Big Butterfly Count

If you’re in Britain, Butterfly Conservation invites you to take part in this year’s Big Butterfly Count. This will be fun. Also it will be useful because butterflies and moths (Lepidoptera) tell us what’s happening on the land. That is, they’re great indicator species.

Our butterflies are in a bad way. The BBC’s Nature Notes pages tell us that UK butterfly numbers are at a historic low. No doubt this is partly due to the last year’s weird weather. But there are longer-term declines too, for example the small tortoiseshell (Aglais urticae).

The Big Butterfly Count is only supposed to take 15 minutes. I think I’ll do it in my back garden. The easy identification chart looks useful. They’re not asking us to identify a lot of rare species, just the ones we’re likely to see. If I’m lucky I might see a small tortoiseshell.

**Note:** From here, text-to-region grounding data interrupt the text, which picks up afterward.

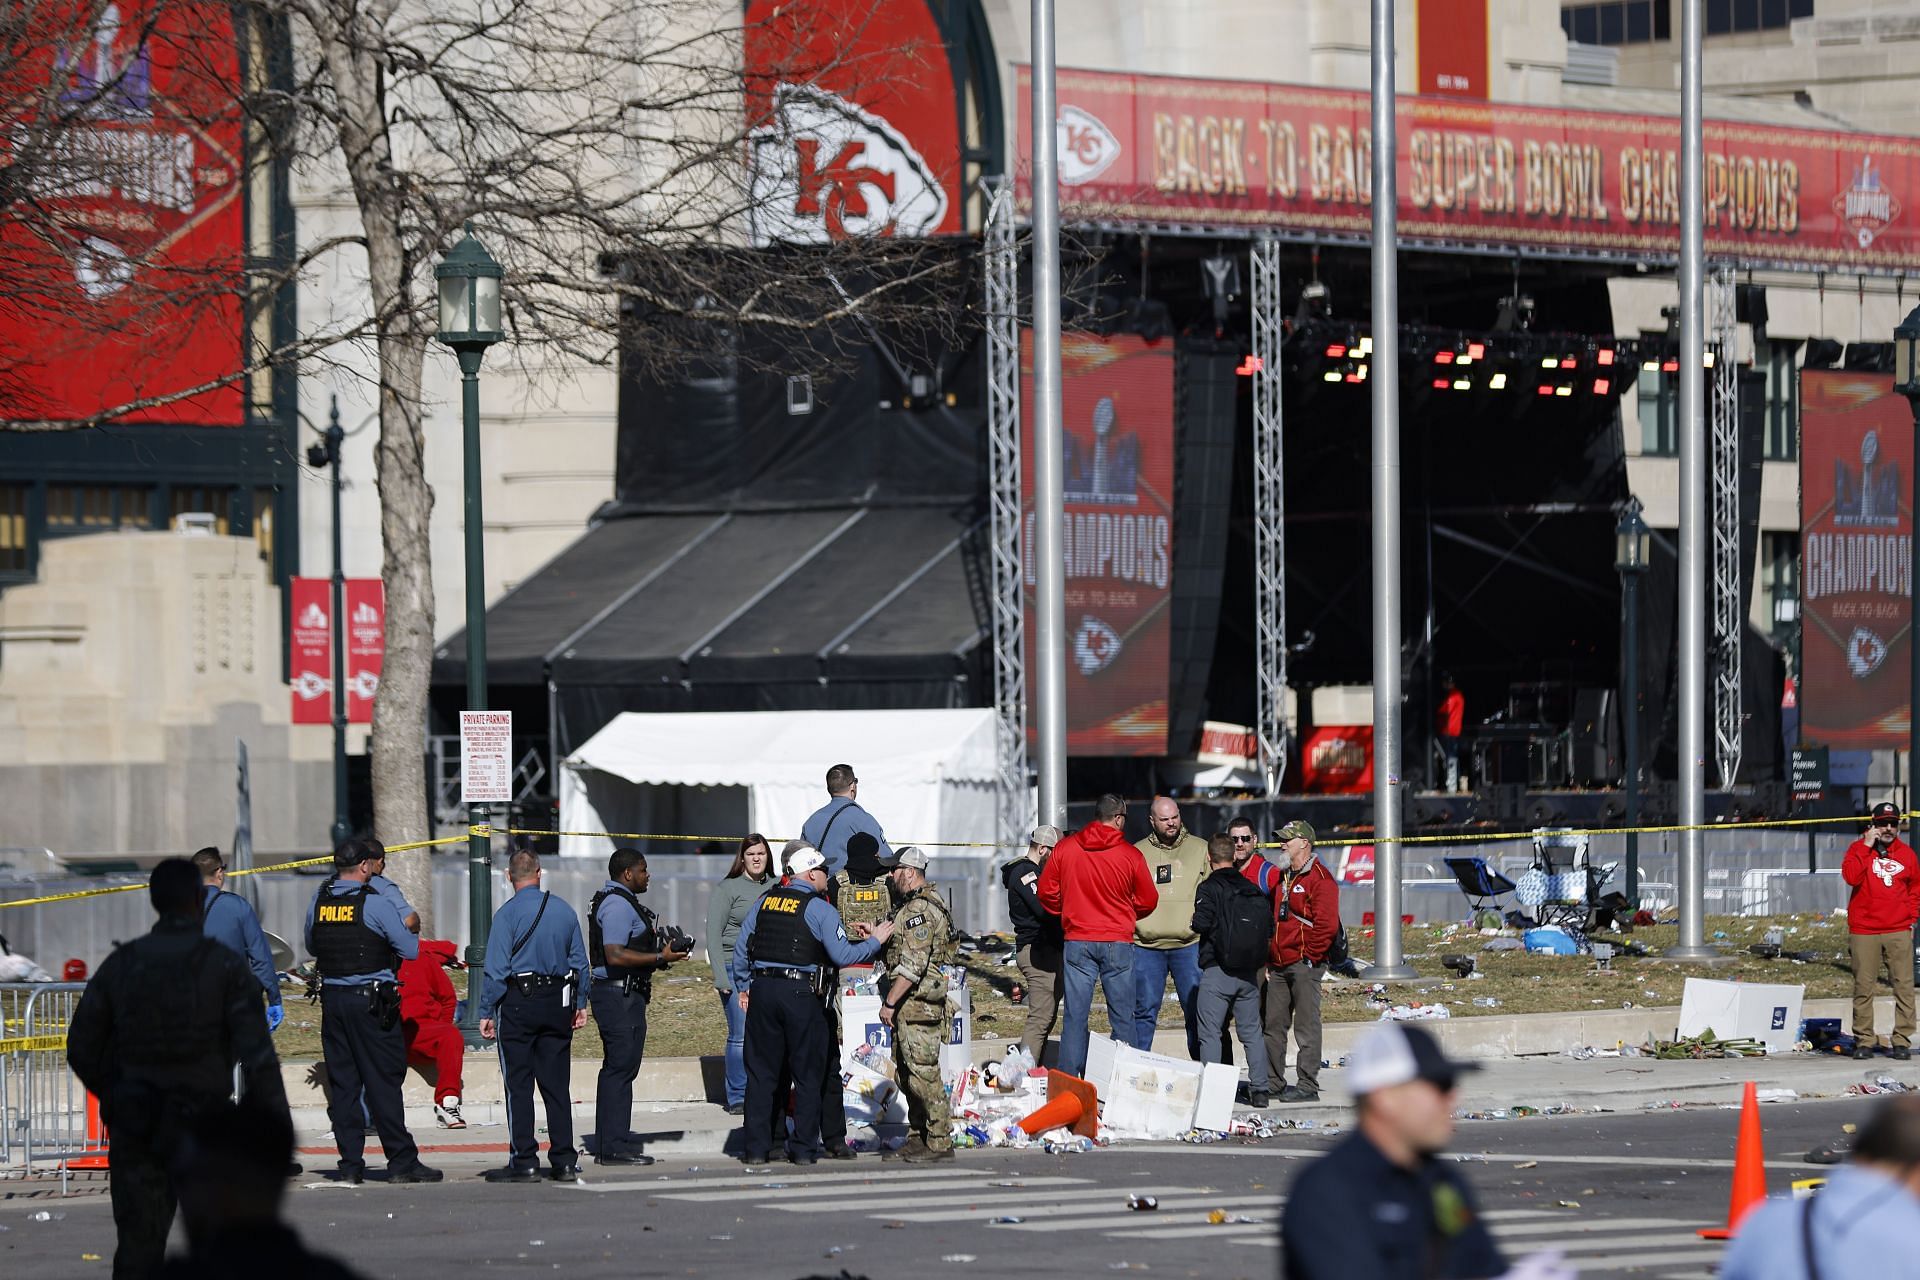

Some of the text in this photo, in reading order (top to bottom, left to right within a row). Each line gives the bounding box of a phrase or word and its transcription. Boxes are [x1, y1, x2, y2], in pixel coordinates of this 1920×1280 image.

[1309, 122, 1372, 207] BAC
[1409, 129, 1516, 215] SUPER
[1523, 138, 1609, 221] BOWL
[1619, 145, 1799, 233] CHAPIONS
[1025, 511, 1169, 590] CAMPIONS
[1806, 532, 1913, 601] CHAMPION
[463, 714, 509, 725] PRIVATE PARKING
[855, 890, 879, 901] FBI
[319, 905, 354, 922] POLICE
[762, 896, 801, 914] POLICE
[909, 915, 923, 928] FBI
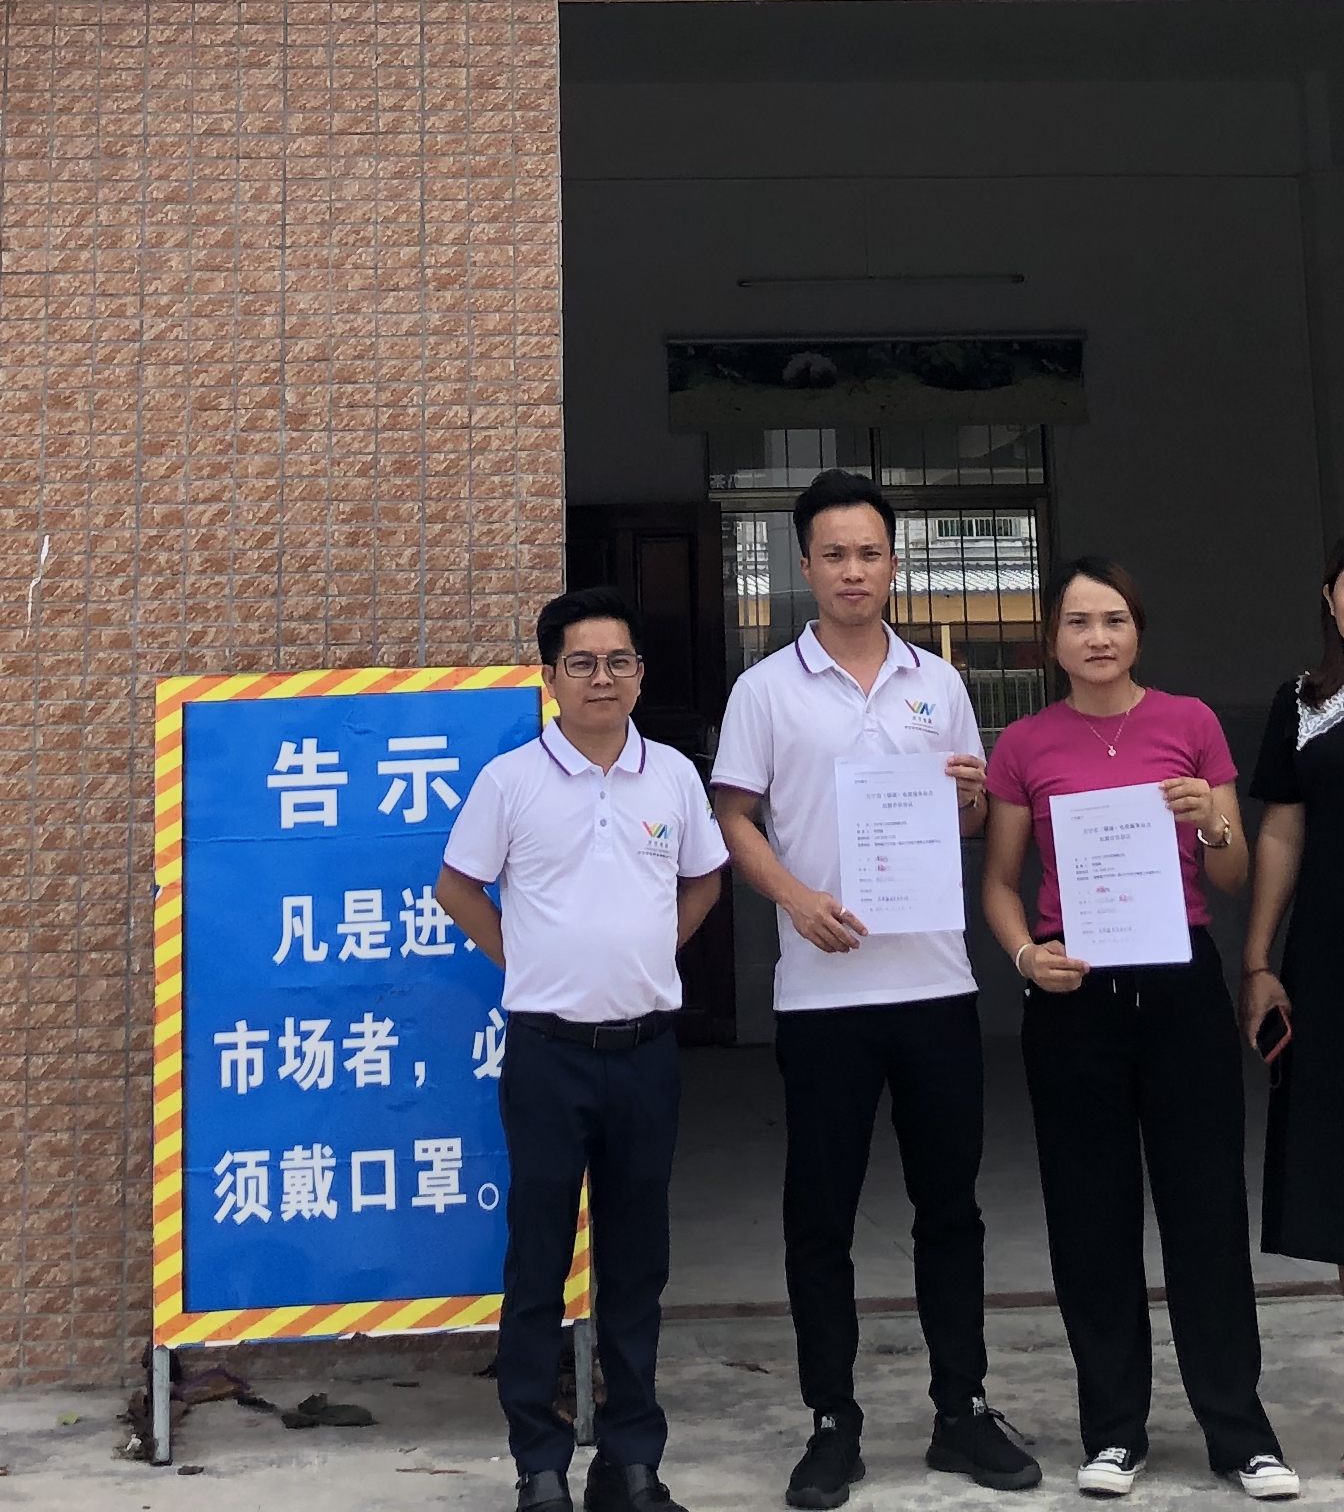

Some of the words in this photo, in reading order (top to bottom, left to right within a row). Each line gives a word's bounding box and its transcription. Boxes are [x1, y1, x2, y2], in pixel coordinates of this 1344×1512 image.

As you know, I’m learning about Lepidoptera with support from my fellow blogger Finn Holding at The Naturephile. Also several other ecologists and gardeners whose blogs I follow, including Mike Dilger at The Garden Smallholder. I’m grateful to Mike for announcing the Big Butterfly Count. You can watch a film of him on the Big Butterfly Count website. Across the Pond, I’m grateful to Sandy Steinman at Natural History Wanderings for pointing out how British butterflies are important to watch.

About argylesock

I wrote a PhD about veterinary parasitology so that's the starting point for this blog. But I'm now branching out into other areas of biology and into popular science writing. I'll write here about science that happens in landscapes, particularly farmland, and about science involving interspecific interactions. Datasets and statistics get my attention. Exactly where this blog will lead? That's a journey that I'm on and I hope you'll come with me.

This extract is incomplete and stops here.